Pendant longtemps, réduire les volumes de contacts tout en améliorant l’expérience client semblait contradictoire. Beaucoup d’organisations associaient encore la qualité de service à la capacité de traiter toujours plus d’appels ou de messages.

Aujourd’hui, les outils sont plus simples à déployer, plus intelligents et plus autonomes. Le selfcare, les agents IA et le SVI visuel permettent déjà d’orienter les utilisateurs plus efficacement et de résoudre une partie des demandes sans intervention humaine.

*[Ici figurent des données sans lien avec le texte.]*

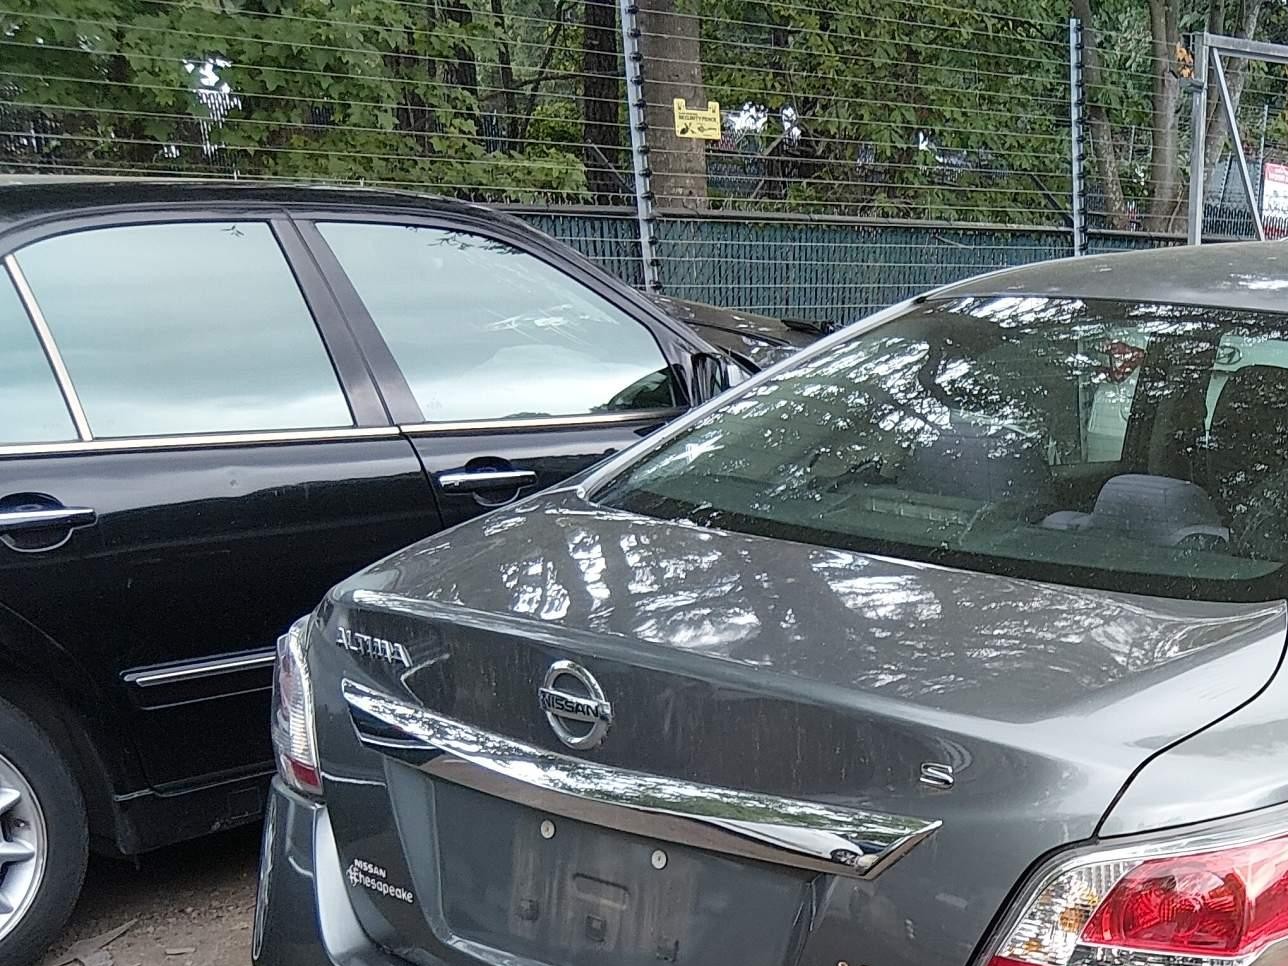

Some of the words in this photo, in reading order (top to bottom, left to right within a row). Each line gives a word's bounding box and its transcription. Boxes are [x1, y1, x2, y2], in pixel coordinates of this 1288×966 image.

La prochaine étape repose sur l’IA agentique. Contrairement aux assistants IA qui se limitent à répondre ou à orienter, ces agents sont capables d’agir. Ils peuvent enchaîner plusieurs étapes d’un parcours, interagir avec différents systèmes métiers et exécuter des actions pour résoudre une demande de bout en bout. La transformation reste toutefois en cours et ces approches sont encore en phase de déploiement et d’amélioration. Les organisations doivent analyser les interactions, identifier les points de friction et améliorer progressivement leurs parcours. Cette gouvernance continue des parcours clients devient un élément clé pour tirer pleinement parti des nouvelles technologies. Mais elles ouvrent la voie à des centres de contact où l’automatisation ne se limite plus à la réponse, mais participe directement à la résolution des demandes.

L’enjeu n’est donc plus de réduire l’accès au service client. Il s’agit de concevoir des parcours plus intelligents afin que les clients trouvent plus rapidement la bonne solution, tout en réservant l’intervention humaine aux situations qui en ont réellement besoin.